### EXERCISE INSTRUCTIONS
Print every entry, word for word, and skip the images.

### DATA IN THIS EXERCISE
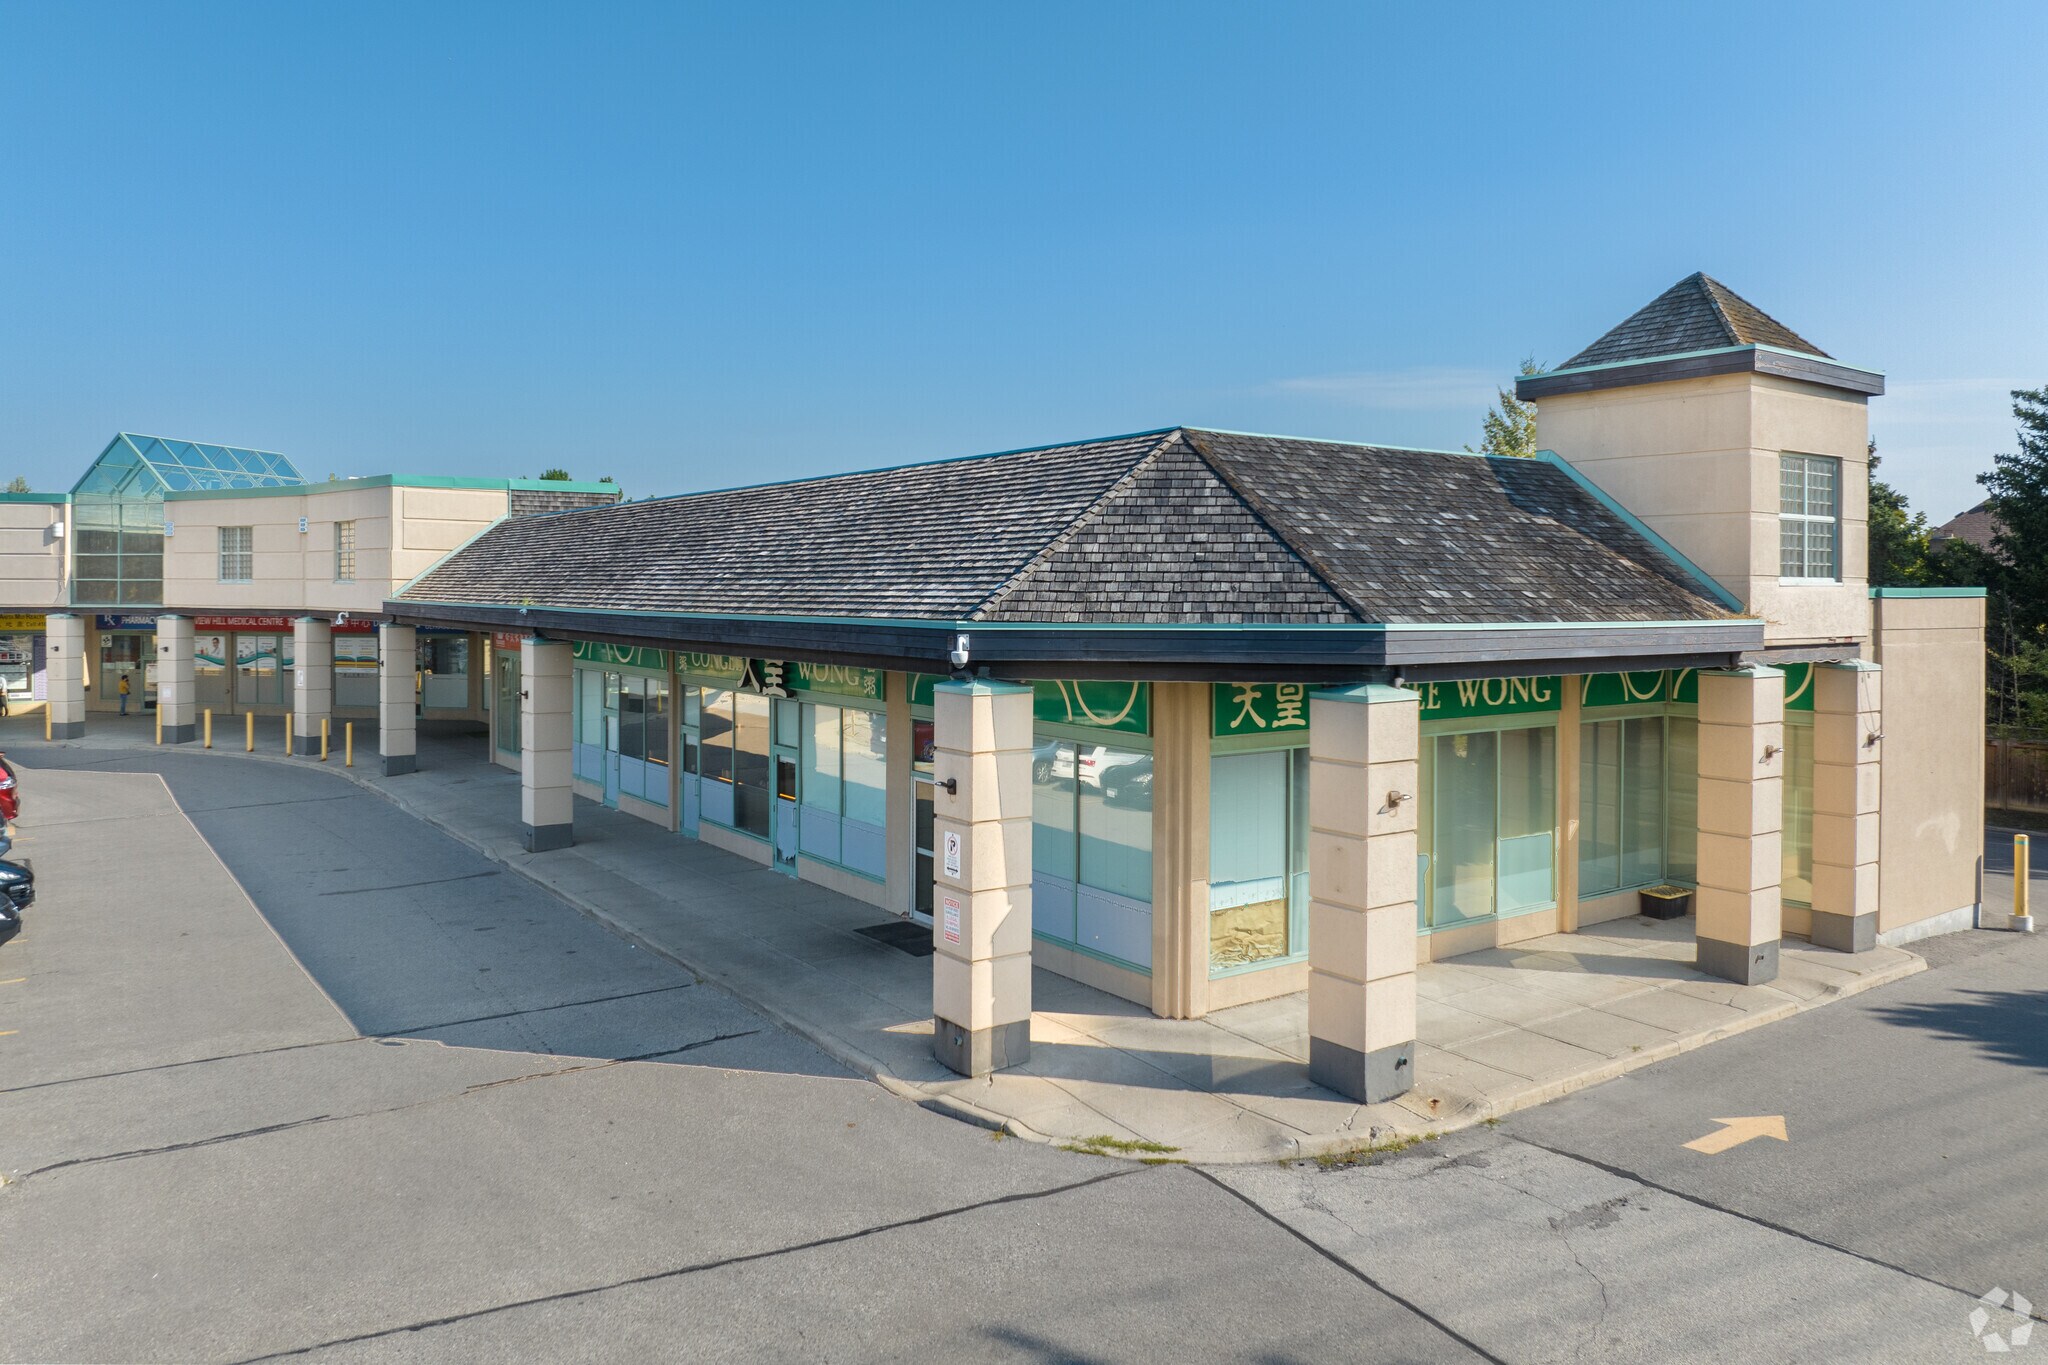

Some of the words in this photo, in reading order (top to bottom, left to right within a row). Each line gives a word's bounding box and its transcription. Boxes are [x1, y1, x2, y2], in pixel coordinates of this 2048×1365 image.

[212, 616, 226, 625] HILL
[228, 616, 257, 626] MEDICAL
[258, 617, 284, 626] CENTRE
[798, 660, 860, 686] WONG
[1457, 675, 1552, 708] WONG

### EXPECTED OUTPUT
Some of the words in this photo, in reading order (top to bottom, left to right within a row). Each line gives a word's bounding box and its transcription. Boxes are [x1, y1, x2, y2], in pixel coordinates of this 2048×1365 image.

[212, 616, 226, 625] HILL
[228, 616, 257, 626] MEDICAL
[258, 617, 284, 626] CENTRE
[798, 660, 860, 686] WONG
[1457, 675, 1552, 708] WONG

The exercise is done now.